A hardy clover-like carpet that grows without CO2 — slow but forgiving.

Illustration of Marsilea hirsuta forming a low carpet of four-leaf clover shapes
Origin & habitat

Where it comes from

Marsilea hirsuta is an aquatic fern from Australia, found in seasonal wetlands. Unusually for a fern it spreads by creeping runners just under the substrate, sending up leaves as it goes.

Appearance

What to expect

The plant is a shape-shifter. Emersed or in low light it produces the familiar four-lobed clover leaf; submersed under good light it often reverts to simple single-lobe leaves and stays very low. Both are healthy — the four-leaf clover look is a bonus, not a sign of health.

Care requirements

How to keep it

Its appeal is that it carpets without CO2, which almost no other foreground does well.

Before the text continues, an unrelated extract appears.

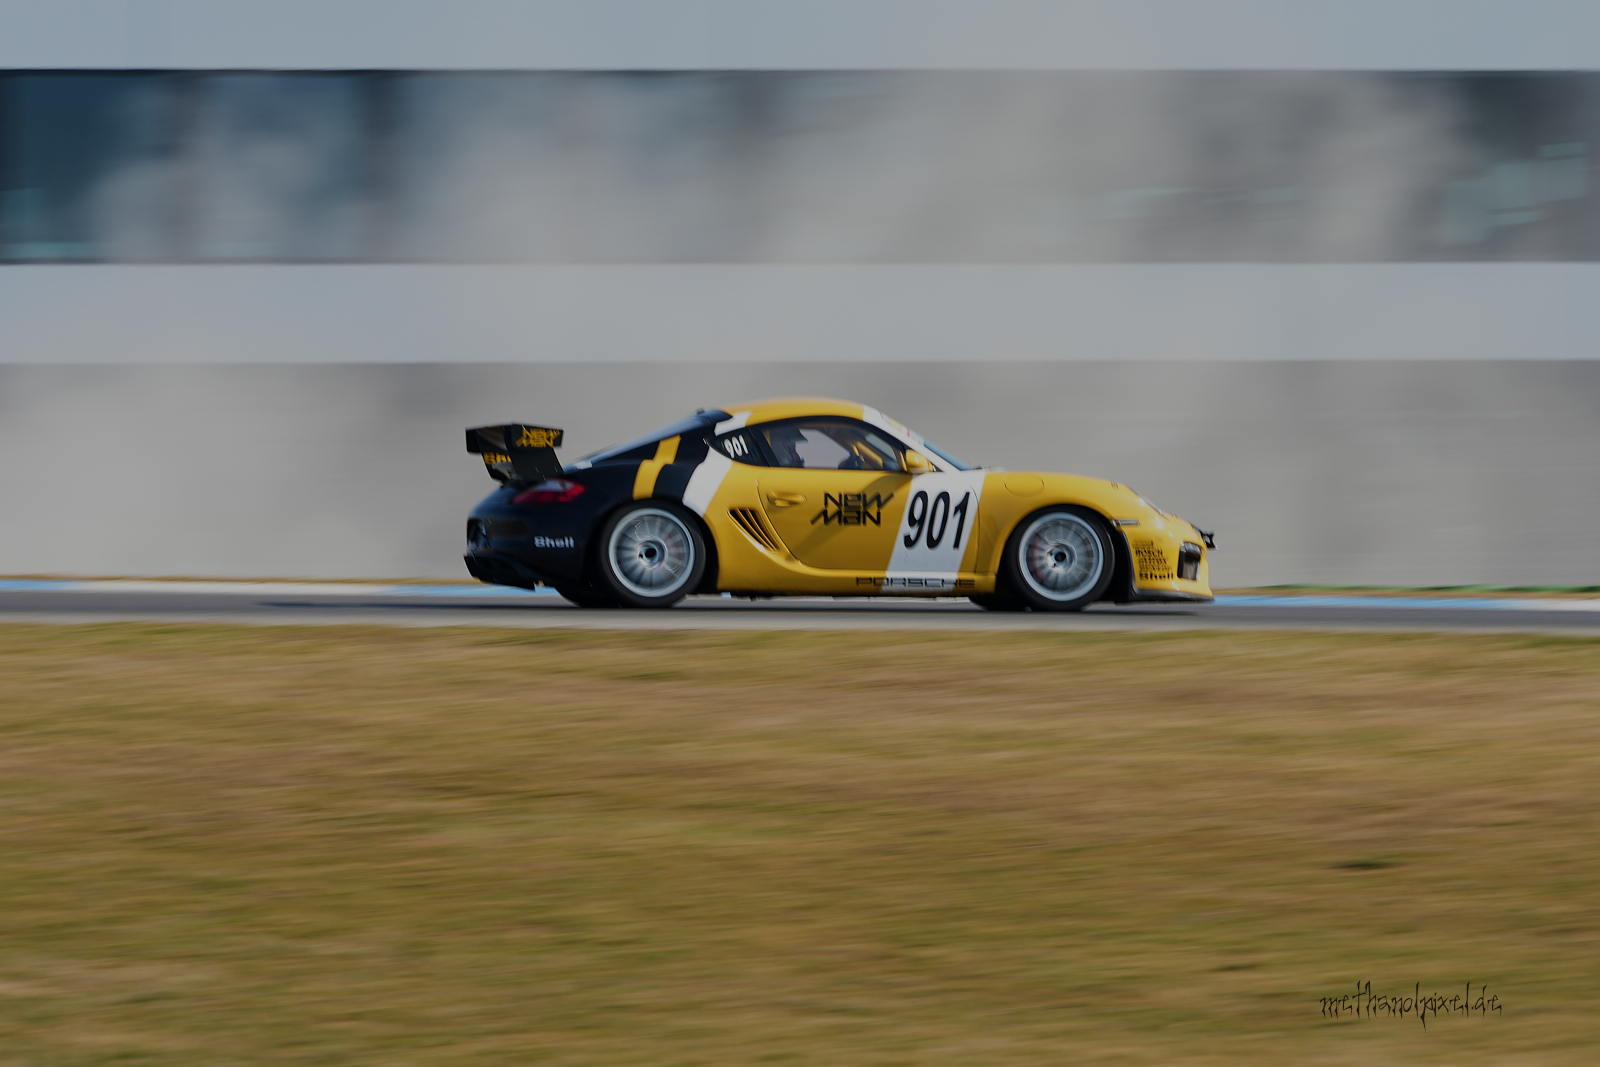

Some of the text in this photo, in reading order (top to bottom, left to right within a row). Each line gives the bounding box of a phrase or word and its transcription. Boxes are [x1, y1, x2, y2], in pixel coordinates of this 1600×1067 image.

The trade-off is speed: it is slow to fill in and needs patience. Good light keeps it low and dense; in dim tanks it grows taller and thinner. A root-tab-fed nutrient substrate speeds establishment.

ParameterValue
LightingMedium to high keeps it low and clovery
CO2Not required; beneficial
Temperature20–26 °C
pH6.0–7.5
HardnessSoft to hard
FertiliserRoot tabs help
SubstrateAny; nutrient-rich is better
Growth rateSlow
PlacementForeground
DifficultyMedium
Planting & propagation

How to carpet it

Separate the pot into small clumps and plant them across the foreground; the runners knit the gaps together over weeks. It propagates simply by lifting and dividing an established mat.

Common problems

What goes wrong

The main frustration is impatience — it genuinely is slow. New plants also often melt their emersed leaves before submersed growth appears; see our guide to plant melt. Give it light, feed the roots, and wait, and it becomes a tough, permanent lawn.